Cela étant, cette émergence de sens n’est pas apparue immédiatement. Ils décrivent des
processus individuels grâce auxquels ils ont « découvert » la cohérence du dispositif. « Il y a
eu un temps des cours, un temps des stages, et puis après des allers retour, puis après
seulement, j’ai intégré, j’ai réuni tout sur la même route ».
Pour certains, c’est une prise de distance par rapport au dispositif qui est à l’origine de cette
découverte de sens. « C’est une période de vacances qui m’a permis d’y voir plus clair, de
réfléchir. Un temps de retour sur soi ». D’autres mentionnent des périodes de crise : « C’est
dans les moments de blocage » « C’est quand cela ne va pas que cela me force à intégrer.
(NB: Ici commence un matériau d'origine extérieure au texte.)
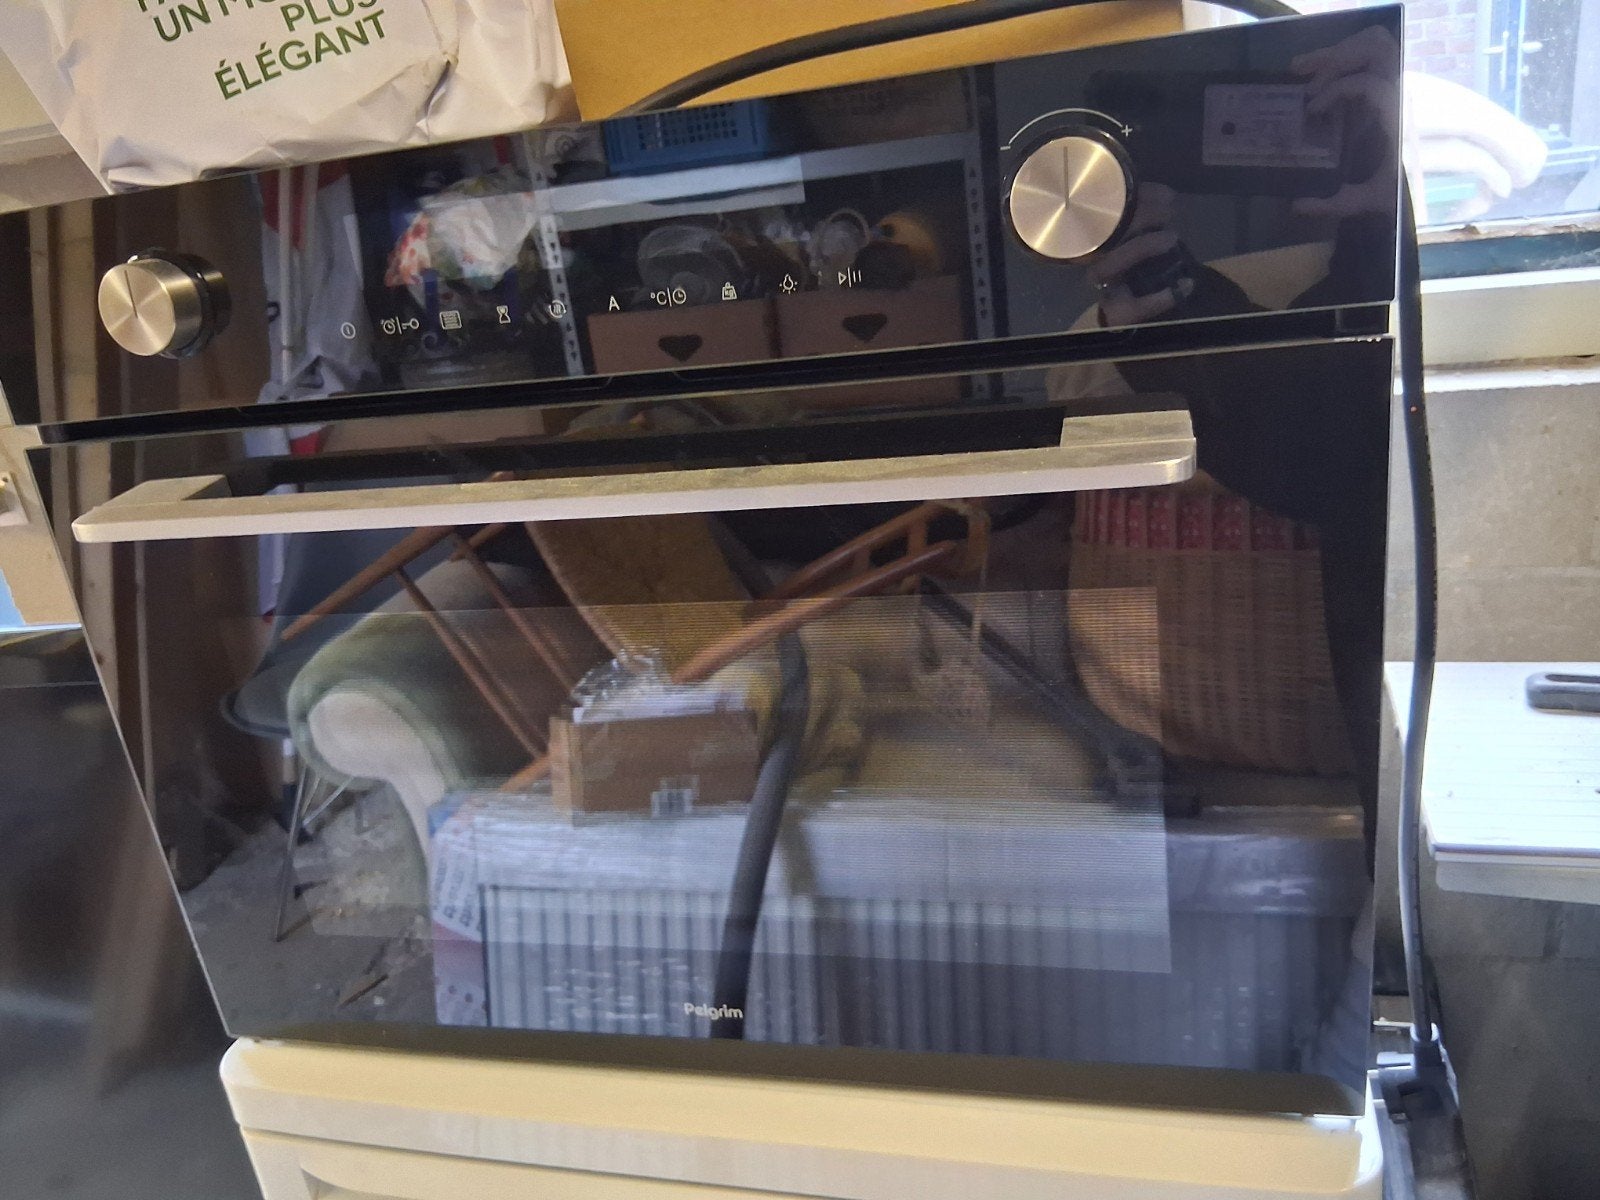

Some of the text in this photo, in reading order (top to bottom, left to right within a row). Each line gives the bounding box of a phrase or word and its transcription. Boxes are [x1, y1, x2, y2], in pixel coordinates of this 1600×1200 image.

Je
retourne dans les cours, j’essaie de comprendre ». « A chaque grande étape, quand j’étais
bloquée, j’essayais de recentrer les approches ». « J’essaie de faire se rejoindre les chemins
quand je suis en difficulté. Pour moi c’est des chemins séparés, mais à des moments clés, je
fais un effort supplémentaire pour voir comment tout ça se relie ». D’autres mentionnent
l’intervention des enseignants ou d’autres encadrants. « C’est des personnes qu’on rencontre
au cours du parcours et qui sont des donneurs de signification. Tout au long d’une route, on
rencontre des gens et c’est eux qui vous orientent des fois ». « Moi, c’est celui qui s’occupait
de mon stage », « ce qui a déclenché ça, c’est un mot qu’a prononcé un enseignant, c’est le
mot légitimité. Et me suis rendu compte du lien entre mon projet et mon parcours ». D’autres
enfin mentionnent une action correctrice sur le dispositif : « j’ai fait organiser une séance de
régulation par les formateurs, pour qu’on s’y retrouve mieux », « avec notre proposition à
plusieurs, ils ont ajouté des séances de régulation », « on a négocié avec certains formateurs
qu’une partie des séances soit consacrée à des questions d’applications ».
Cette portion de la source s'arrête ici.